* _Task objective_:
In your output, repeat each entry exactly and include no pictures.

* _Data supplied_:
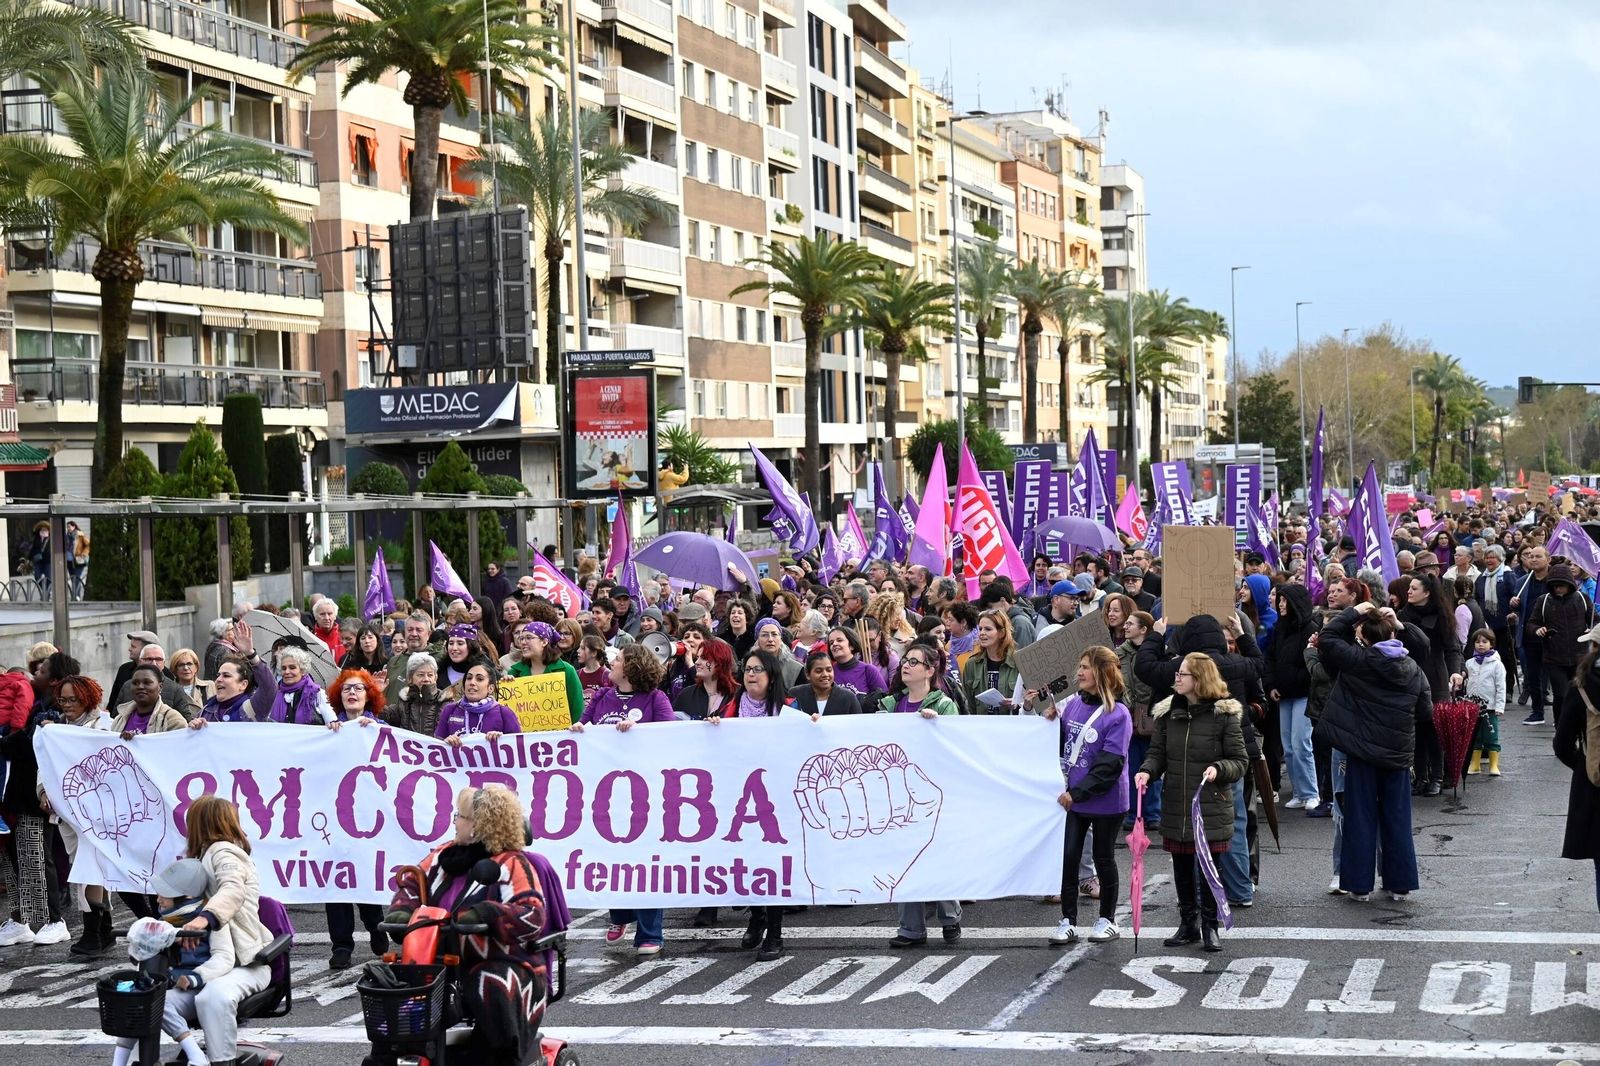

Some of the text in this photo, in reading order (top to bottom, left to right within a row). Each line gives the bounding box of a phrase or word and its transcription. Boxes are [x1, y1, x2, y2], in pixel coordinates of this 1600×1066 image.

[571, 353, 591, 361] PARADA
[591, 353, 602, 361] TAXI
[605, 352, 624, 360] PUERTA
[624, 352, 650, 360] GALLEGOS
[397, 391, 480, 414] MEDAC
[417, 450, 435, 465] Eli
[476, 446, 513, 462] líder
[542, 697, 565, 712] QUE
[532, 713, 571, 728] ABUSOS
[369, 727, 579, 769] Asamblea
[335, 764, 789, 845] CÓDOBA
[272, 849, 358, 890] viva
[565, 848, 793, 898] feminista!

* _Response area_:
Some of the text in this photo, in reading order (top to bottom, left to right within a row). Each line gives the bounding box of a phrase or word and its transcription. Boxes are [x1, y1, x2, y2], in pixel coordinates of this 1600×1066 image.

[571, 353, 591, 361] PARADA
[591, 353, 602, 361] TAXI
[605, 352, 624, 360] PUERTA
[624, 352, 650, 360] GALLEGOS
[397, 391, 480, 414] MEDAC
[417, 450, 435, 465] Eli
[476, 446, 513, 462] líder
[542, 697, 565, 712] QUE
[532, 713, 571, 728] ABUSOS
[369, 727, 579, 769] Asamblea
[335, 764, 789, 845] CÓDOBA
[272, 849, 358, 890] viva
[565, 848, 793, 898] feminista!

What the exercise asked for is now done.